GitHub - fengfeng0328/esp32_speech-vad-demo: vad algorithm based on esp32 for mute detection ? Again via an enrollment OTA ship a deliberate overfitted VAD model.
AML-S905X-CC is not that much of a step up somewhere between a pi3/pi4 if I remember rightly, nearing the Pi4 more than Pi3.

I think quite a few of those are not supported in Tflite, but you need to create a model on what is supported not discount on a model you try is not supported.

Hmmm, looks like they wrapped webrtcvad. Should work pretty well.

Right, and you can actually buy them for $35 USD here on Amazon. If a Pi 3 level of performance is all we need, maybe it’s worth it to do that instead of trying to squeeze everything into an ESP32. This is assuming a device that needs to run a wake word locally, not a VAD + broadcast.

You sure as never remember Potatoe boards being that cheap, but could be the UK as here its

£57.70

Cheapest slightly faster Pi3 I have found is the

https://www.aliexpress.us/item/3256804171701489.html

You have no Hat so your talking a Plugable USB as only stereo USB at Hat prices I know.

There is an interesting but less Pi3 powerful SOC with onboard 8 channel ADC and stereo DAC, but still waiting for release.
Radxa tried with the RockPiS but something didn’t go well with the ADC as its noisy as hell as if it has some sort of Gnd loop going on.

1 Like

What mic would you plug into the audio adapter these days?

Depends as most are single Mic with Tip=signal, Ring=bias, Sleeve=gnd but they expect a broadcast close field input so you really need a preamp to boost and extend into near & far field. (Think how you expect to have the sort of standard PC mic)
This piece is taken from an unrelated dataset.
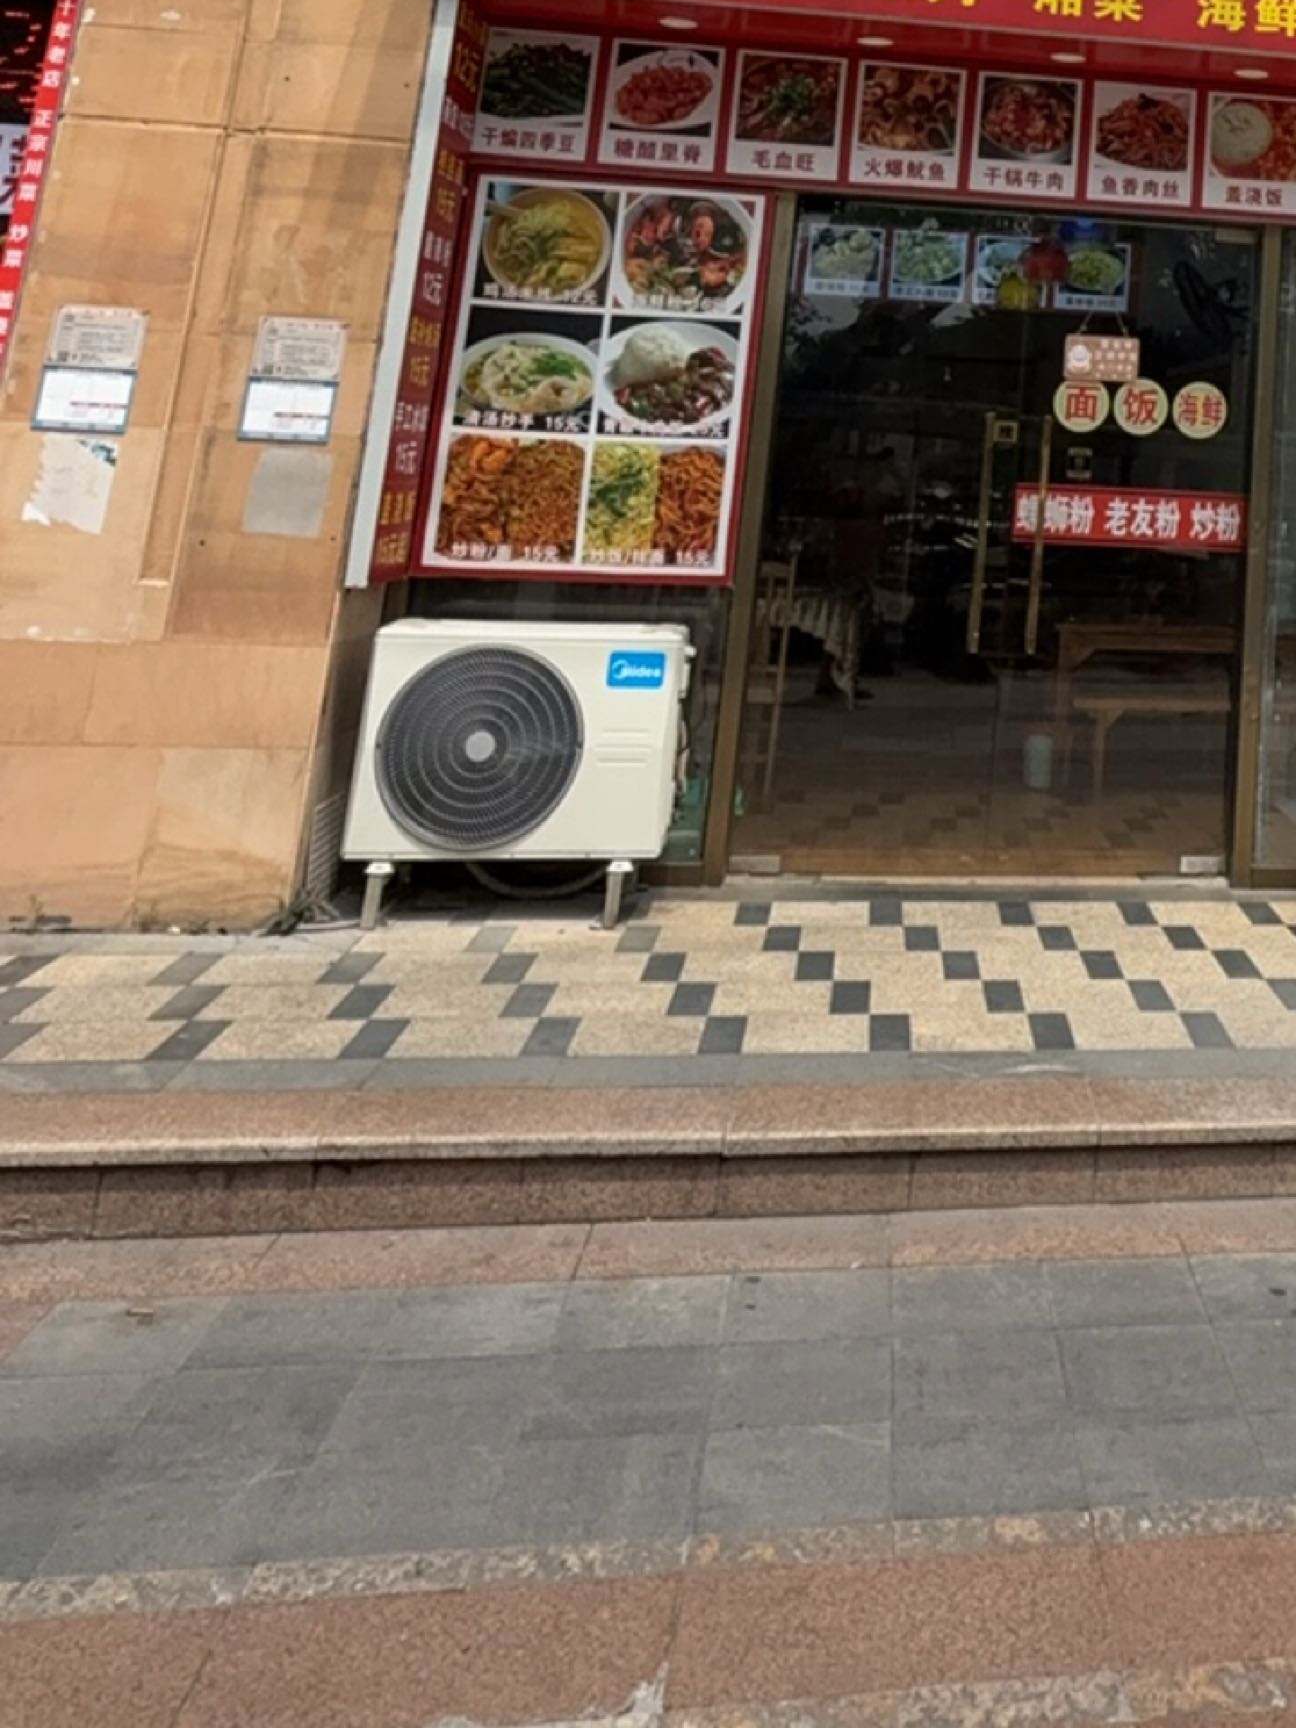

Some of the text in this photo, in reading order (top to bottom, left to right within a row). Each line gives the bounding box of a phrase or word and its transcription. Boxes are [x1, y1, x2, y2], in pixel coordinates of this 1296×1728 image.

Plugable is a stereo ADC Tip=Left, Ring=Right (Or the other way round, but 2x signals no bias) , Sleeve=Gnd and think its expecting near line in and you have to have a preamp board, MAX9814 that also adds hardware AGC, its a product Adafruit stock but same module is cloned everywhere with a Mic onboard.

1 Like

Thanks for the comment, @synesthesiam!

I think Larynx 2 could certainly be used to generate synthetic training data, but @rolyan_trauts is correct, you need a large number of synthetic speakers to create enough diversity in the generated data. In practice, I use two multi-speaker TTS models (more details here) that are sampling based so I get natural variation with each generation. One is trained on LibriTTS so it is >2000 voices, and the other is trained on VCTK with ~110 voices. Plus, I then mix voices together in the latent space to get “new” voices for more diversity. That will likely be the biggest challenge for non-english models. However, if it’s possible to use a dataset like CommonVoice to train Larynx 2 models (e.g., like [2210.06370] Can we use Common Voice to train a Multi-Speaker TTS system?), that could be interesting.

Inference latency is another important question. As you’ve already seen, there are some more unique ops in these models that probably mean they’d be hard to get running on the ESP32-S3. Plus, from this page it seems like a model of roughly the same size as openWakeWord takes ~700ms on the S3. You’d have to run the openWakeWords models at least every ~200 ms to get good detection performance, so it seems like it may be a bit too big for the S3.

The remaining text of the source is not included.